WORK TO COMPLETE:
Would you please write out each entry precisely as given?

RECORD SET:
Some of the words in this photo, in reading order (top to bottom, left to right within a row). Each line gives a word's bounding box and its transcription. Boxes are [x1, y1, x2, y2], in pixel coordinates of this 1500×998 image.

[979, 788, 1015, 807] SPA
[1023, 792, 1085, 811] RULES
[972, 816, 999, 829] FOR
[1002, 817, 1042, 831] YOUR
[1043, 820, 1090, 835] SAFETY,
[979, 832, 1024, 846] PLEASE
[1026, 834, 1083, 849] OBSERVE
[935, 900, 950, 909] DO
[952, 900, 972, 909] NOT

ANSWER TO THIS PROBLEM:
Some of the words in this photo, in reading order (top to bottom, left to right within a row). Each line gives a word's bounding box and its transcription. Boxes are [x1, y1, x2, y2], in pixel coordinates of this 1500×998 image.

[979, 788, 1015, 807] SPA
[1023, 792, 1085, 811] RULES
[972, 816, 999, 829] FOR
[1002, 817, 1042, 831] YOUR
[1043, 820, 1090, 835] SAFETY,
[979, 832, 1024, 846] PLEASE
[1026, 834, 1083, 849] OBSERVE
[935, 900, 950, 909] DO
[952, 900, 972, 909] NOT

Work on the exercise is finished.